(WHAT IS EXPECTED):
Every entry must be repeated exactly in the answer.

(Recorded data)
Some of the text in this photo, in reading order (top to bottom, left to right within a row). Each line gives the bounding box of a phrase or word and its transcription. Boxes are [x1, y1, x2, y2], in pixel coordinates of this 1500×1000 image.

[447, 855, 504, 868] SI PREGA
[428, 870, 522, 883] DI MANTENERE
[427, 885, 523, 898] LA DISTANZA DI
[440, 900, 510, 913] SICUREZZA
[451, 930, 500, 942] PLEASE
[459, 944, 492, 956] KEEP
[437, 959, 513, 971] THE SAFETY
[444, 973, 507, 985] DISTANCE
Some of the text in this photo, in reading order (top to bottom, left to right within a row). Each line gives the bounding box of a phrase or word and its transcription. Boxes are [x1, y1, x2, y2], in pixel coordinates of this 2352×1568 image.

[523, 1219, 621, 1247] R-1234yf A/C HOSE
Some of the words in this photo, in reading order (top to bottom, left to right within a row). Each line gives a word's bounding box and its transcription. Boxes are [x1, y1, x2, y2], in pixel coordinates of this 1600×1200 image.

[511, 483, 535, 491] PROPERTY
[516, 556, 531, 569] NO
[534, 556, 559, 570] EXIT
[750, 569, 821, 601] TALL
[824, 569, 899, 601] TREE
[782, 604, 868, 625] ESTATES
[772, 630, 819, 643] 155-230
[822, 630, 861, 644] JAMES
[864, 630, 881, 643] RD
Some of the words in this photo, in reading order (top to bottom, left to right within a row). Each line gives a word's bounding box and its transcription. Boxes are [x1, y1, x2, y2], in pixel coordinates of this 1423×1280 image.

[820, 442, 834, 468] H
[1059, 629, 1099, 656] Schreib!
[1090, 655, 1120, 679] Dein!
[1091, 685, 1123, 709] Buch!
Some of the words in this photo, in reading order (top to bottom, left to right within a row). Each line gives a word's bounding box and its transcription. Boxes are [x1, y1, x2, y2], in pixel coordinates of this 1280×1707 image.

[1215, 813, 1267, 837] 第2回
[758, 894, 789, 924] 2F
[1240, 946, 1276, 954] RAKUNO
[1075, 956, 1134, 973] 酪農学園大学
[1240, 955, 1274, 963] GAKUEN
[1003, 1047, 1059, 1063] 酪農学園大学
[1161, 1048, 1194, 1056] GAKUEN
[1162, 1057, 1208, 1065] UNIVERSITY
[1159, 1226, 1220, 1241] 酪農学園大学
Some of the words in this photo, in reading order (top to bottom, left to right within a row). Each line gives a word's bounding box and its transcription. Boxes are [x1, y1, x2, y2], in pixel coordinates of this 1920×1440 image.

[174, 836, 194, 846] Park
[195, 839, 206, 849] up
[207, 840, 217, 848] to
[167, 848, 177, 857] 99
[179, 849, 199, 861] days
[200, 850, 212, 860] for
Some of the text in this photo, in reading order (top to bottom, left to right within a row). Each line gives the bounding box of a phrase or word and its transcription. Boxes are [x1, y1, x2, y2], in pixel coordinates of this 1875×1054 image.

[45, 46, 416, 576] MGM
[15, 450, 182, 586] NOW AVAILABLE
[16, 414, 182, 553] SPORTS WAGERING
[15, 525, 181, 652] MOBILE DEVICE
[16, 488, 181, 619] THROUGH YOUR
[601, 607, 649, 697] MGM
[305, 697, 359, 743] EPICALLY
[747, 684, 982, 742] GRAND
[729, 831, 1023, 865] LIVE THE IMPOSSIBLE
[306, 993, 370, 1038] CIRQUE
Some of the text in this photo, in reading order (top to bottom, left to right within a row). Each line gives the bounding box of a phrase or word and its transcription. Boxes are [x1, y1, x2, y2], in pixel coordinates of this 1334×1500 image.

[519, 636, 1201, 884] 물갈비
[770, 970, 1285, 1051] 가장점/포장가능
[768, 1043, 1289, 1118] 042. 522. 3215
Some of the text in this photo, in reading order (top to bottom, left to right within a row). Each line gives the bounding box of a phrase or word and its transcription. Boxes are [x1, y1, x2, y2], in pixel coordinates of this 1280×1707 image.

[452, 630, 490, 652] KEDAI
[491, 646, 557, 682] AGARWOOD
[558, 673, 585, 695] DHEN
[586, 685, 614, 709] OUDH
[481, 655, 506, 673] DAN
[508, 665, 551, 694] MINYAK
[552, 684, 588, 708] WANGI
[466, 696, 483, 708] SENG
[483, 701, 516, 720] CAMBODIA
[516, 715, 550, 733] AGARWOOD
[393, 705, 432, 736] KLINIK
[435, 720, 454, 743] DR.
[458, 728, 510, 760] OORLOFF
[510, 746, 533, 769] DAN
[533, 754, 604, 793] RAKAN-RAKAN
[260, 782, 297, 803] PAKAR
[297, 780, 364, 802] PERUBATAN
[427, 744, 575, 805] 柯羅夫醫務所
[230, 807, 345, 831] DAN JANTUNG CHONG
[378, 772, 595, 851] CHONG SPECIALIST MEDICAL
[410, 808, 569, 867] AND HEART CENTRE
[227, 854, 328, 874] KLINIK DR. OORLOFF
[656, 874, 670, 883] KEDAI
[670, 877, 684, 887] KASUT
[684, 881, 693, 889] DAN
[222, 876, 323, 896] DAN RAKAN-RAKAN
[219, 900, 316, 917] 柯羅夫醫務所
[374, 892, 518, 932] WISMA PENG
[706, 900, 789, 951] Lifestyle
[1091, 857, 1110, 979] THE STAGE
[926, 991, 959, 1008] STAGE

(TASK OUTPUT):
Some of the text in this photo, in reading order (top to bottom, left to right within a row). Each line gives the bounding box of a phrase or word and its transcription. Boxes are [x1, y1, x2, y2], in pixel coordinates of this 1500×1000 image.

[447, 855, 504, 868] SI PREGA
[428, 870, 522, 883] DI MANTENERE
[427, 885, 523, 898] LA DISTANZA DI
[440, 900, 510, 913] SICUREZZA
[451, 930, 500, 942] PLEASE
[459, 944, 492, 956] KEEP
[437, 959, 513, 971] THE SAFETY
[444, 973, 507, 985] DISTANCE
Some of the text in this photo, in reading order (top to bottom, left to right within a row). Each line gives the bounding box of a phrase or word and its transcription. Boxes are [x1, y1, x2, y2], in pixel coordinates of this 2352×1568 image.

[523, 1219, 621, 1247] R-1234yf A/C HOSE
Some of the words in this photo, in reading order (top to bottom, left to right within a row). Each line gives a word's bounding box and its transcription. Boxes are [x1, y1, x2, y2], in pixel coordinates of this 1600×1200 image.

[511, 483, 535, 491] PROPERTY
[516, 556, 531, 569] NO
[534, 556, 559, 570] EXIT
[750, 569, 821, 601] TALL
[824, 569, 899, 601] TREE
[782, 604, 868, 625] ESTATES
[772, 630, 819, 643] 155-230
[822, 630, 861, 644] JAMES
[864, 630, 881, 643] RD
Some of the words in this photo, in reading order (top to bottom, left to right within a row). Each line gives a word's bounding box and its transcription. Boxes are [x1, y1, x2, y2], in pixel coordinates of this 1423×1280 image.

[820, 442, 834, 468] H
[1059, 629, 1099, 656] Schreib!
[1090, 655, 1120, 679] Dein!
[1091, 685, 1123, 709] Buch!
Some of the words in this photo, in reading order (top to bottom, left to right within a row). Each line gives a word's bounding box and its transcription. Boxes are [x1, y1, x2, y2], in pixel coordinates of this 1280×1707 image.

[1215, 813, 1267, 837] 第2回
[758, 894, 789, 924] 2F
[1240, 946, 1276, 954] RAKUNO
[1075, 956, 1134, 973] 酪農学園大学
[1240, 955, 1274, 963] GAKUEN
[1003, 1047, 1059, 1063] 酪農学園大学
[1161, 1048, 1194, 1056] GAKUEN
[1162, 1057, 1208, 1065] UNIVERSITY
[1159, 1226, 1220, 1241] 酪農学園大学
Some of the words in this photo, in reading order (top to bottom, left to right within a row). Each line gives a word's bounding box and its transcription. Boxes are [x1, y1, x2, y2], in pixel coordinates of this 1920×1440 image.

[174, 836, 194, 846] Park
[195, 839, 206, 849] up
[207, 840, 217, 848] to
[167, 848, 177, 857] 99
[179, 849, 199, 861] days
[200, 850, 212, 860] for
Some of the text in this photo, in reading order (top to bottom, left to right within a row). Each line gives the bounding box of a phrase or word and its transcription. Boxes are [x1, y1, x2, y2], in pixel coordinates of this 1875×1054 image.

[45, 46, 416, 576] MGM
[15, 450, 182, 586] NOW AVAILABLE
[16, 414, 182, 553] SPORTS WAGERING
[15, 525, 181, 652] MOBILE DEVICE
[16, 488, 181, 619] THROUGH YOUR
[601, 607, 649, 697] MGM
[305, 697, 359, 743] EPICALLY
[747, 684, 982, 742] GRAND
[729, 831, 1023, 865] LIVE THE IMPOSSIBLE
[306, 993, 370, 1038] CIRQUE
Some of the text in this photo, in reading order (top to bottom, left to right within a row). Each line gives the bounding box of a phrase or word and its transcription. Boxes are [x1, y1, x2, y2], in pixel coordinates of this 1334×1500 image.

[519, 636, 1201, 884] 물갈비
[770, 970, 1285, 1051] 가장점/포장가능
[768, 1043, 1289, 1118] 042. 522. 3215
Some of the text in this photo, in reading order (top to bottom, left to right within a row). Each line gives the bounding box of a phrase or word and its transcription. Boxes are [x1, y1, x2, y2], in pixel coordinates of this 1280×1707 image.

[452, 630, 490, 652] KEDAI
[491, 646, 557, 682] AGARWOOD
[558, 673, 585, 695] DHEN
[586, 685, 614, 709] OUDH
[481, 655, 506, 673] DAN
[508, 665, 551, 694] MINYAK
[552, 684, 588, 708] WANGI
[466, 696, 483, 708] SENG
[483, 701, 516, 720] CAMBODIA
[516, 715, 550, 733] AGARWOOD
[393, 705, 432, 736] KLINIK
[435, 720, 454, 743] DR.
[458, 728, 510, 760] OORLOFF
[510, 746, 533, 769] DAN
[533, 754, 604, 793] RAKAN-RAKAN
[260, 782, 297, 803] PAKAR
[297, 780, 364, 802] PERUBATAN
[427, 744, 575, 805] 柯羅夫醫務所
[230, 807, 345, 831] DAN JANTUNG CHONG
[378, 772, 595, 851] CHONG SPECIALIST MEDICAL
[410, 808, 569, 867] AND HEART CENTRE
[227, 854, 328, 874] KLINIK DR. OORLOFF
[656, 874, 670, 883] KEDAI
[670, 877, 684, 887] KASUT
[684, 881, 693, 889] DAN
[222, 876, 323, 896] DAN RAKAN-RAKAN
[219, 900, 316, 917] 柯羅夫醫務所
[374, 892, 518, 932] WISMA PENG
[706, 900, 789, 951] Lifestyle
[1091, 857, 1110, 979] THE STAGE
[926, 991, 959, 1008] STAGE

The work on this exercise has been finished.